Supplied information ::
+++++

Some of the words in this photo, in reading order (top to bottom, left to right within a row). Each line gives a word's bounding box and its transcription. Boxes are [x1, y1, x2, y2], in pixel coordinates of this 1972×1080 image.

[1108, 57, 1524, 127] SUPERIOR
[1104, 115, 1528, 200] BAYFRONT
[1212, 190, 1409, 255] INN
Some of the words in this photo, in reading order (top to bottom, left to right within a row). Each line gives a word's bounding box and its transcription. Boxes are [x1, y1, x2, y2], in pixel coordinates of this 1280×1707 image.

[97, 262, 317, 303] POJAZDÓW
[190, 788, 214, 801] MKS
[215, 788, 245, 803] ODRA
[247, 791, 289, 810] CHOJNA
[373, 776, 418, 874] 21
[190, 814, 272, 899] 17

+++++

Problem description ::
Word for word, repeat the lines from the one holding "this 1280×1707 image." through the last line of the entries, both included.

Your solution ::
Some of the words in this photo, in reading order (top to bottom, left to right within a row). Each line gives a word's bounding box and its transcription. Boxes are [x1, y1, x2, y2], in pixel coordinates of this 1280×1707 image.

[97, 262, 317, 303] POJAZDÓW
[190, 788, 214, 801] MKS
[215, 788, 245, 803] ODRA
[247, 791, 289, 810] CHOJNA
[373, 776, 418, 874] 21
[190, 814, 272, 899] 17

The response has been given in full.